The Essendon Football Club, on the eve of ANZAC Day, made a public admission that the anti-obesity drug AOD-9604 had been administered to some of its players last year.

The announcement comes as devastating news for the Melbourne Football Club, with the World Anti-Doping Agency stating categorically that AOD-9604 is a banned substance. The determination of WADA was made with respect to substances that are prohibited at all times and appears under the heading ‘Non-Approved Substances’ as any pharmacological substance which is not addressed by any of the subsequent sections of the List and with no current approval by any governmental regulatory authority for human therapeutic use (e.g. drugs under pre-clinical or clinical development or discontinued, designer drugs, substances approved only for veterinary use) is prohibited.

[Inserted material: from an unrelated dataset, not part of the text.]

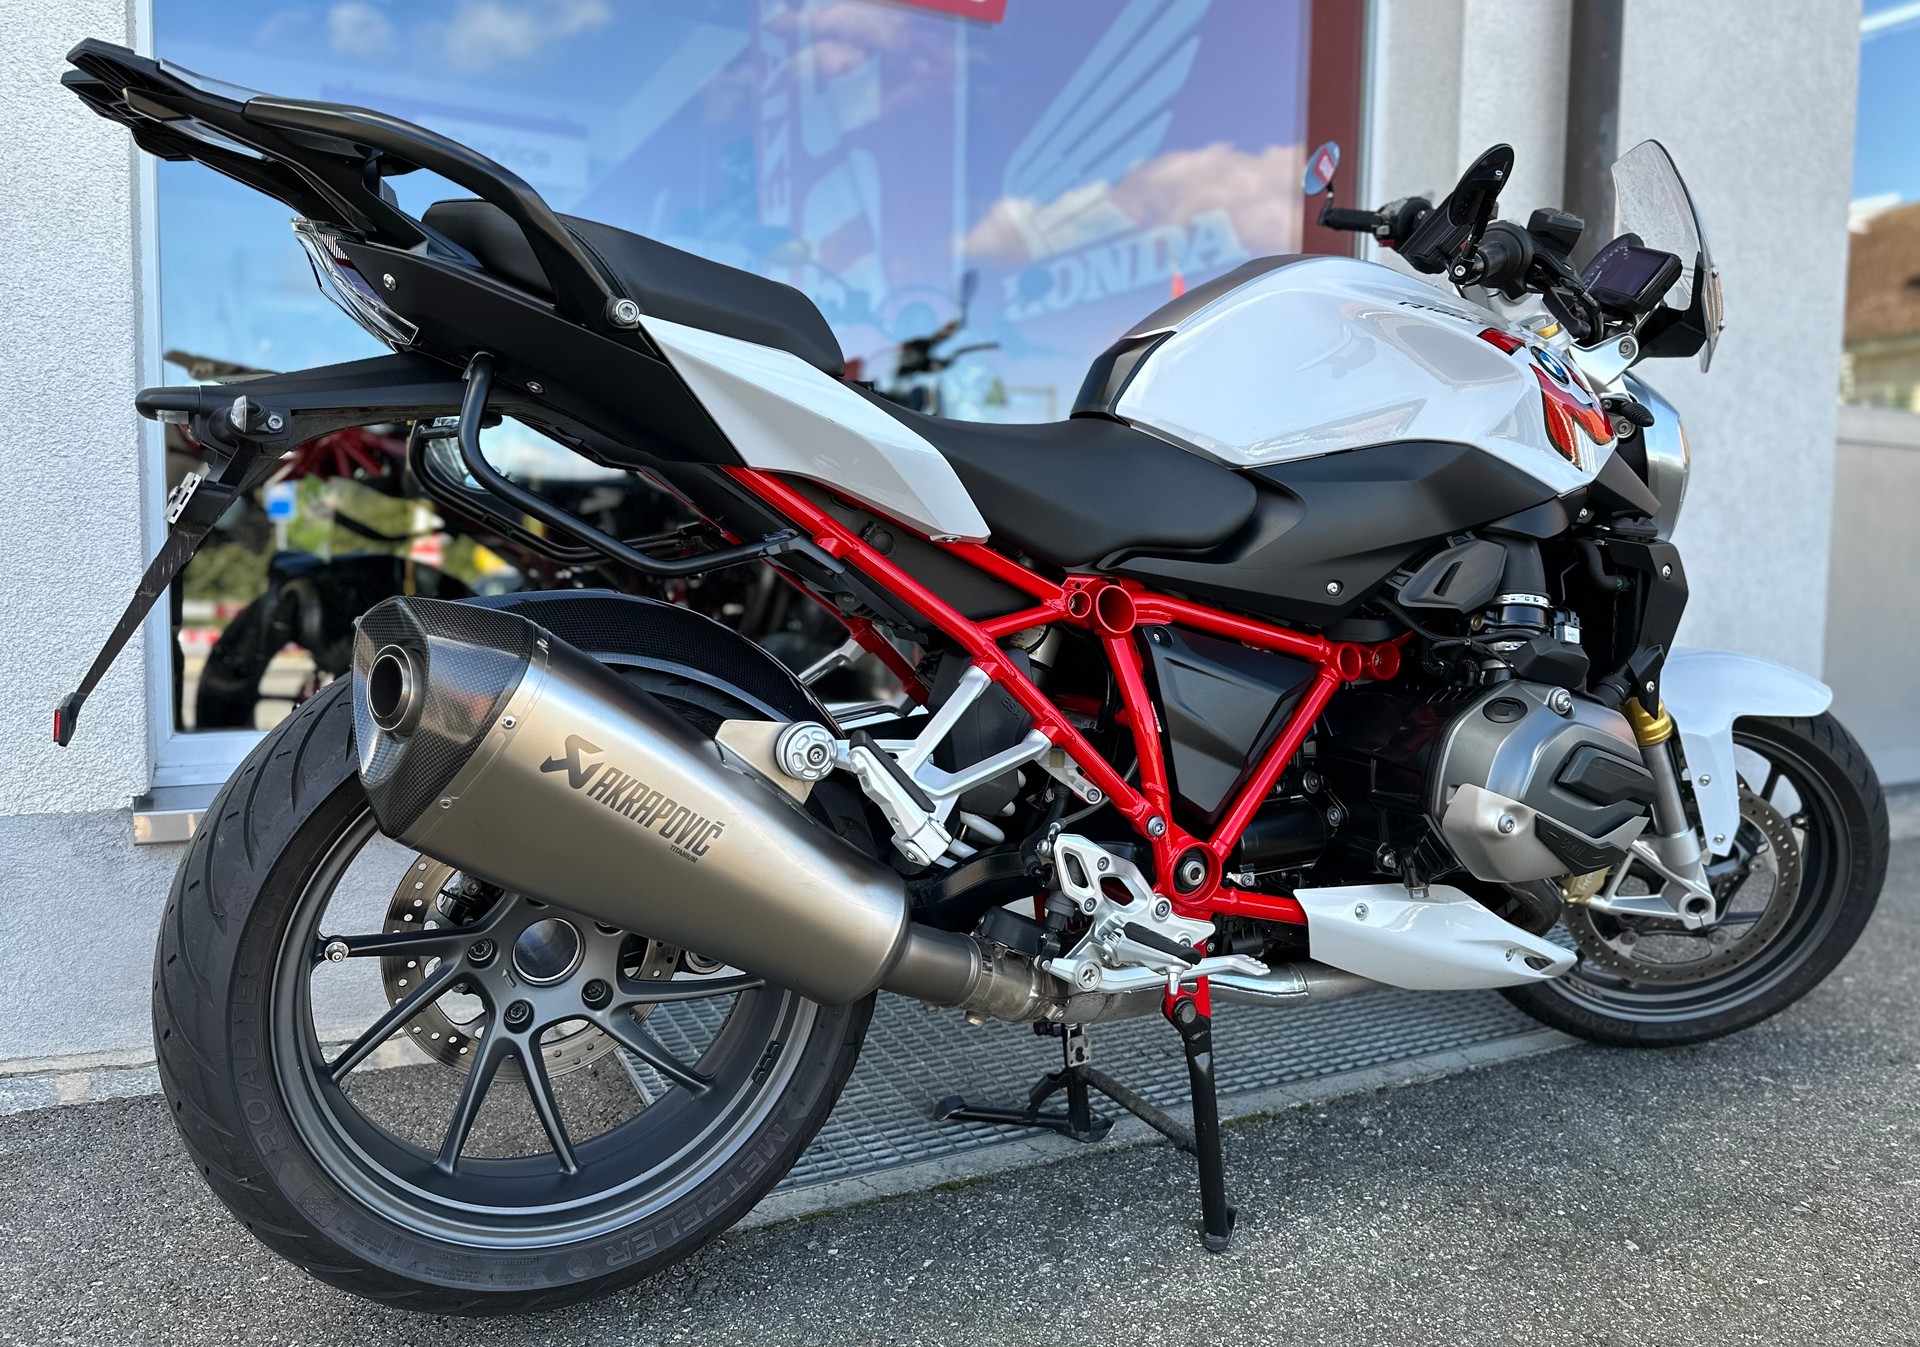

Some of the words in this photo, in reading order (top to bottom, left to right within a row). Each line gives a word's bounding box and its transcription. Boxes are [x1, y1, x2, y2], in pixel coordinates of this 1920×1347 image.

[668, 844, 698, 863] TITANIUM
[230, 954, 290, 1157] ROADTEC
[603, 1123, 790, 1267] METZELER

Many in the sports fraternity said the banning by WADA of AOD-9604 with regard to it having never received government regulatory approval would not carry weight retrospectively, but the wording of the relevant clause is a ‘catch-all’ that encompasses all and any drugs that have failed to receive the necessary tick required for human use. There have also been claims going around that WADA had earlier provided, in writing, a determination that AOD-9604 was indeed not a banned substance and the Bombers said they relied on the authenticity of that document with respect to the use of the drug.

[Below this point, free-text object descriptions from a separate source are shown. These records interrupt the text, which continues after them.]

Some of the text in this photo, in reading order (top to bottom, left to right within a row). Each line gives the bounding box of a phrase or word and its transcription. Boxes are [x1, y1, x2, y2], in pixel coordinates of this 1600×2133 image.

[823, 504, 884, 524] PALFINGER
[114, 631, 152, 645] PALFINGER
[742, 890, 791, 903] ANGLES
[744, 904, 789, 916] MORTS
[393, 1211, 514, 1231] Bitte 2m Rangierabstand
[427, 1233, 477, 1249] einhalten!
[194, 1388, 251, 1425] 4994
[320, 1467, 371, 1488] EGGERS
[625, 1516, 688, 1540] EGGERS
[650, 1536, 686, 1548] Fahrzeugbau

John Fahey, the head of WADA, said he has never heard of WADA informing an individual club on what’s on the prohibited list. The section relating to ‘Non-Approved Substances’ is numbered S0, which comes before a group of other sections numbered S1 to S5 that cover the full gamut of drugs specifically banned under the World Anti-Doping Agency Code – like anabolic agents, peptides, EPO, and masking agents.

The use of AOD-9604, in accordance with the WADA code, brings with it the standard two-year ban. A reading of the explanatory notes within the WADA Code attached to rules 10.5.1 and 10.5.2 indicates that players banned for administering AOD-9604 will have a very hard time getting their penalties overturned as the notes specify the administration of a prohibited substance by the athlete’s personal physician or trainer without disclosure to the athlete does not constitute an acceptable excuse to have a ban overturned.

If the bans are imposed, it could be argued that the players were simply complying with instructions given to them by people they believed were in a position of trust, who had been installed within the club by its administration after a test of due diligence and it may be said the young men in question were simply acting on good faith when asked to submit to certain medical protocols. The examples of young athletes in countries like East Germany back in the 1970s and ’80s can be cited wherein athletes took sinister substances like testosterone and anabolic steroids after being wrongly told that there were only vitamin pills.

However, a big majority of sports thinkers believe it is hard to see any leniency being granted to those who were administered banned substances given the framework of the WADA Code and the way it has been applied since it was codified.